Of course, doing any of the above assumes that you have time in the day to make it happen. Unfortunately, it seems to be incompatible with IT departments which work behind the curve of break/fix. 

Most organizations don't start out with the resources or immediate need to properly roll out imaged workstations or manage their networks using high-level tools. What happens more often than not is that the network is a collection of very different PCs, all of which have been built and configured individually. As a result, there are as many variations in loadout as there are workstations. As the organization grows, this practice is scaled to meet the need, and results in an IT department which works mainly in fire-extinguishing mode.

There is a certain point at which more consistent control over the network is an absolute must. The problem is that, in my experience, many medium-sized networks are being run without the proper tools. Management tools, strict domain policy, and imaging are all incredibly useful when combatting sprawl and growing pains.

Consistent network management not only makes IT staff more productive, but also allows for self-auditing and quick response to security events. Patching becomes easier (and can be more comprehensive than just WSUS or Windows Update), which allows the very common issue of third-party software vulnerabilities to be addressed in a more elegant and effective way.

Let's take a look at the basic functions that these tools need to help accomplish in order to be useful. The first is enumeration, cataloging, and inventory control. Basically, you need to know what each device is, does, and has on it. By the same token, you need to know what is on your network that shouldn't be. In addition to a simple understanding of the devices on your network, a good management system will keep track of when devices were purchased, what kind of warranty/service plan they have, and what their serial numbers are. Having all of this information in one place is the first step towards getting your network under control to the point where securing it becomes an easy task.

The second tool in your arsenal should be a package/file management tool. In order to properly manage software updates, it's important to know the loadout of each machine, to be able to verify that ONLY the software you approve is installed, to be able to perform updates to your software, and to be able to remove unauthorized installs. Many of the issues I see in security assessments come down to good patch management. I'd estimate that at least half of the vulnerabilities are a result of old software which has updates available. For those thinking that Windows Update or WSUS will cover all of these issues, you are sorely mistaken. Many of the vulnerabilities I find in assessments aren't in Microsoft products, simply because they do get automatically updated. More often than not, it's old antivirus or backup software which runs at system privileges that provides a way in. 

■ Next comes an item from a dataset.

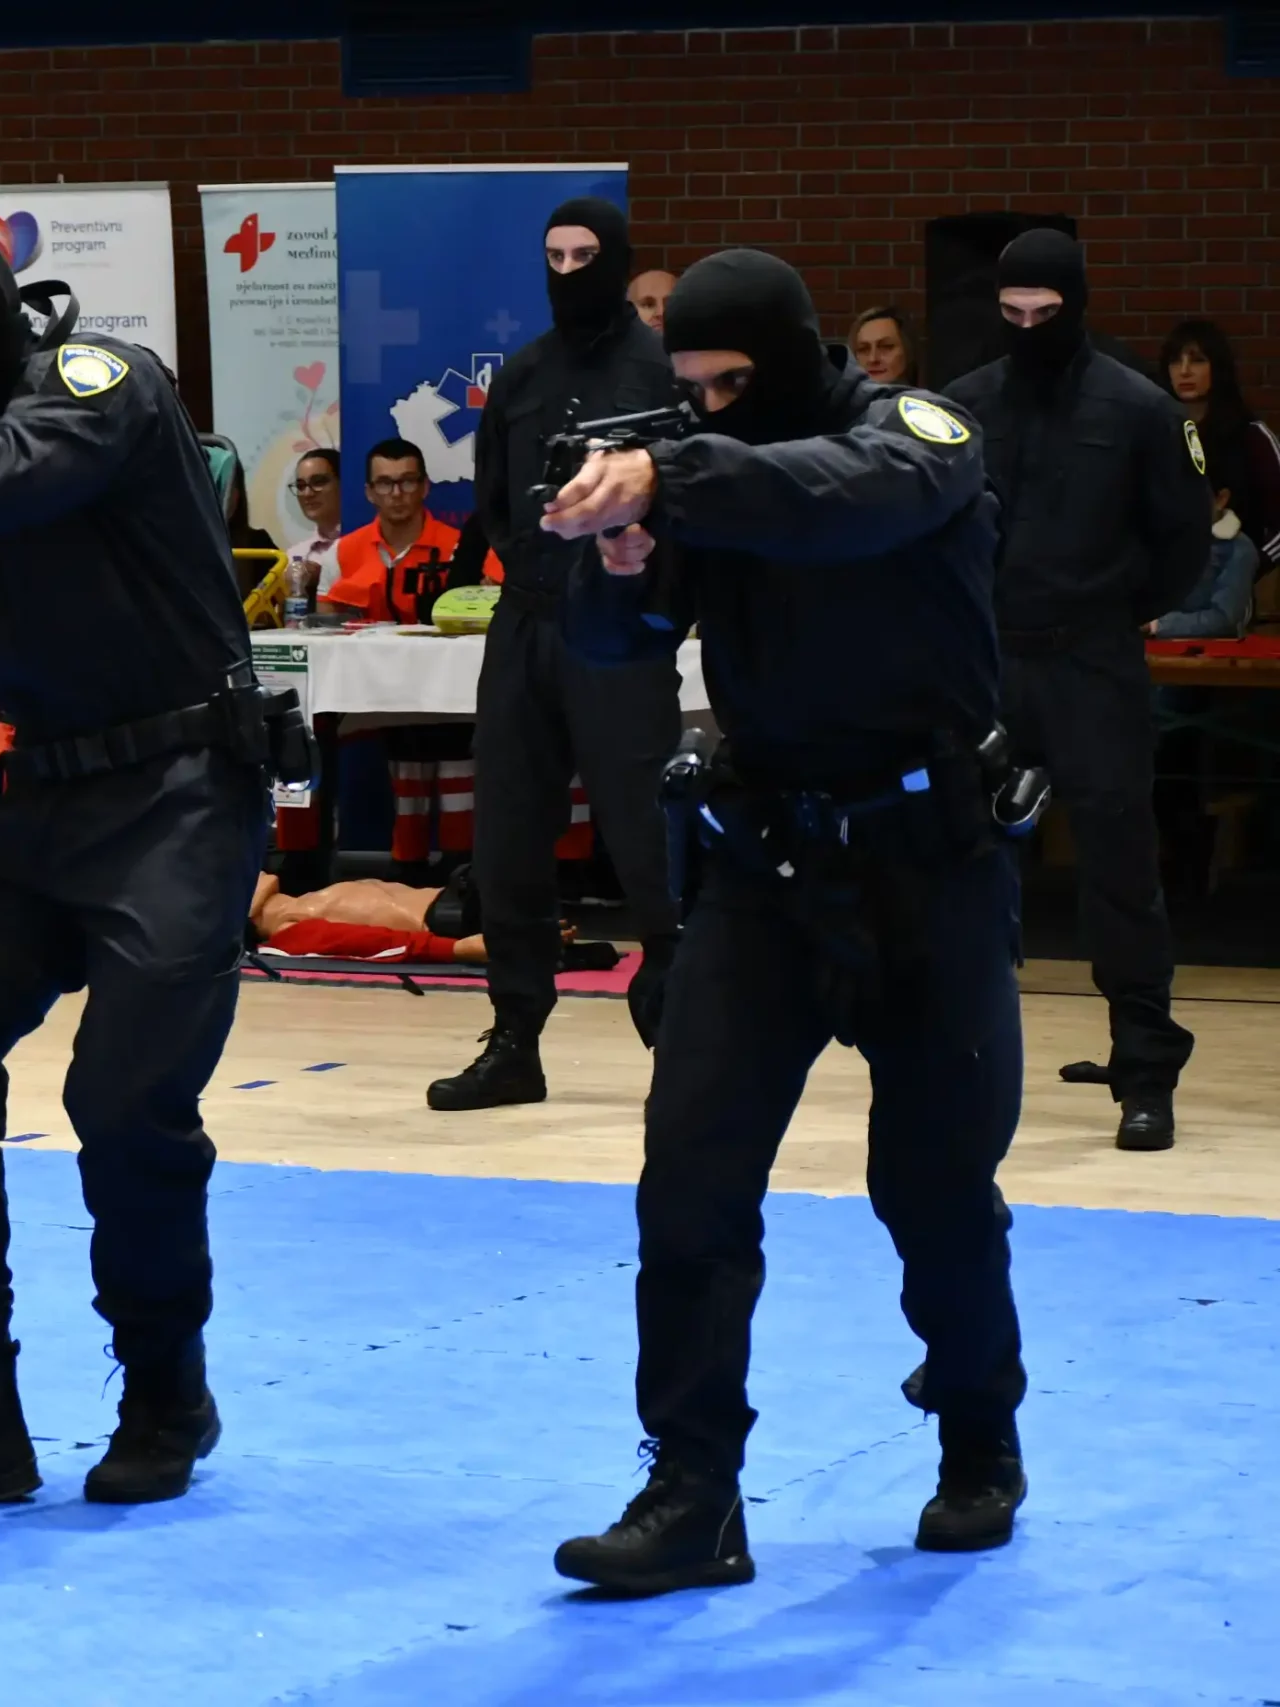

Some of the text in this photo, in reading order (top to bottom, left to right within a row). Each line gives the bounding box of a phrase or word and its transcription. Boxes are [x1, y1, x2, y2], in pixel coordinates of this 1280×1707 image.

Overall, being consistent usually comes down to putting a bit of initial effort in to a structure, then being disciplined enough to follow it. Automation of the boring, repetitive tasks makes this worlds easier. Manually going to every device in your organization and checking for updates is very tedious and gets frustrating rather quickly for the high-IQ types who usually make up an IT department. This leads to mistakes being made and eventually to the practice being missed or avoided.

Find some good tools, become intimately familiar with their innerworkings and behavior, then use them as an extension of yourself in confidently controlling your network. Get things to be consistent across the organization, then you can begin to manage one set of common machines instead of many individuals.